*DATA IN THIS EXERCISE*.

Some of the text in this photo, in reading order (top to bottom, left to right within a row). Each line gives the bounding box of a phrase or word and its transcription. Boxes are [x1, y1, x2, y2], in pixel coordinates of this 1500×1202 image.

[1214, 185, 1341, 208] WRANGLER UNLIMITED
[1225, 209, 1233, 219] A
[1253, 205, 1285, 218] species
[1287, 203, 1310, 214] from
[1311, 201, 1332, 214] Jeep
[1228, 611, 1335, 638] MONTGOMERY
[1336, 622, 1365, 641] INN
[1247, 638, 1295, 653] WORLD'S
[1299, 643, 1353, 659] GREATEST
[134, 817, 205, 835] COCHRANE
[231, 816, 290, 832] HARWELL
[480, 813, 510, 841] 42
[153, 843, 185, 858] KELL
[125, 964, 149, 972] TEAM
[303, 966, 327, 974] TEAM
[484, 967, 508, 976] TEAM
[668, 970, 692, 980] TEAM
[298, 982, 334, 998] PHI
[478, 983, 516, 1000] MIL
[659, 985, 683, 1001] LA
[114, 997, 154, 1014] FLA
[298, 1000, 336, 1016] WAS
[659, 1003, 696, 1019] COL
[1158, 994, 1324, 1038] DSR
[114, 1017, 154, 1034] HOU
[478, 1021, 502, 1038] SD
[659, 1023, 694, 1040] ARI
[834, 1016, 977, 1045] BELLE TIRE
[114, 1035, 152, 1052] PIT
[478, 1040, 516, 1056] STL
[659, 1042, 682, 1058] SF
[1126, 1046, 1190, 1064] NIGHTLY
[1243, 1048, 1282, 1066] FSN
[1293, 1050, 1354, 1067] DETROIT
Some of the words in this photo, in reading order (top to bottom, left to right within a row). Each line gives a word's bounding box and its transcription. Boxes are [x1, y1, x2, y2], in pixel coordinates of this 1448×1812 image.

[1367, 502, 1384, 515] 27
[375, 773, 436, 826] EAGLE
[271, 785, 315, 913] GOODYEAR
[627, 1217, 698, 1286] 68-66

*PROBLEM*.
Each of the records shown above needs to be repeated exactly.

*SOLVED EXERCISE*.
Some of the text in this photo, in reading order (top to bottom, left to right within a row). Each line gives the bounding box of a phrase or word and its transcription. Boxes are [x1, y1, x2, y2], in pixel coordinates of this 1500×1202 image.

[1214, 185, 1341, 208] WRANGLER UNLIMITED
[1225, 209, 1233, 219] A
[1253, 205, 1285, 218] species
[1287, 203, 1310, 214] from
[1311, 201, 1332, 214] Jeep
[1228, 611, 1335, 638] MONTGOMERY
[1336, 622, 1365, 641] INN
[1247, 638, 1295, 653] WORLD'S
[1299, 643, 1353, 659] GREATEST
[134, 817, 205, 835] COCHRANE
[231, 816, 290, 832] HARWELL
[480, 813, 510, 841] 42
[153, 843, 185, 858] KELL
[125, 964, 149, 972] TEAM
[303, 966, 327, 974] TEAM
[484, 967, 508, 976] TEAM
[668, 970, 692, 980] TEAM
[298, 982, 334, 998] PHI
[478, 983, 516, 1000] MIL
[659, 985, 683, 1001] LA
[114, 997, 154, 1014] FLA
[298, 1000, 336, 1016] WAS
[659, 1003, 696, 1019] COL
[1158, 994, 1324, 1038] DSR
[114, 1017, 154, 1034] HOU
[478, 1021, 502, 1038] SD
[659, 1023, 694, 1040] ARI
[834, 1016, 977, 1045] BELLE TIRE
[114, 1035, 152, 1052] PIT
[478, 1040, 516, 1056] STL
[659, 1042, 682, 1058] SF
[1126, 1046, 1190, 1064] NIGHTLY
[1243, 1048, 1282, 1066] FSN
[1293, 1050, 1354, 1067] DETROIT
Some of the words in this photo, in reading order (top to bottom, left to right within a row). Each line gives a word's bounding box and its transcription. Boxes are [x1, y1, x2, y2], in pixel coordinates of this 1448×1812 image.

[1367, 502, 1384, 515] 27
[375, 773, 436, 826] EAGLE
[271, 785, 315, 913] GOODYEAR
[627, 1217, 698, 1286] 68-66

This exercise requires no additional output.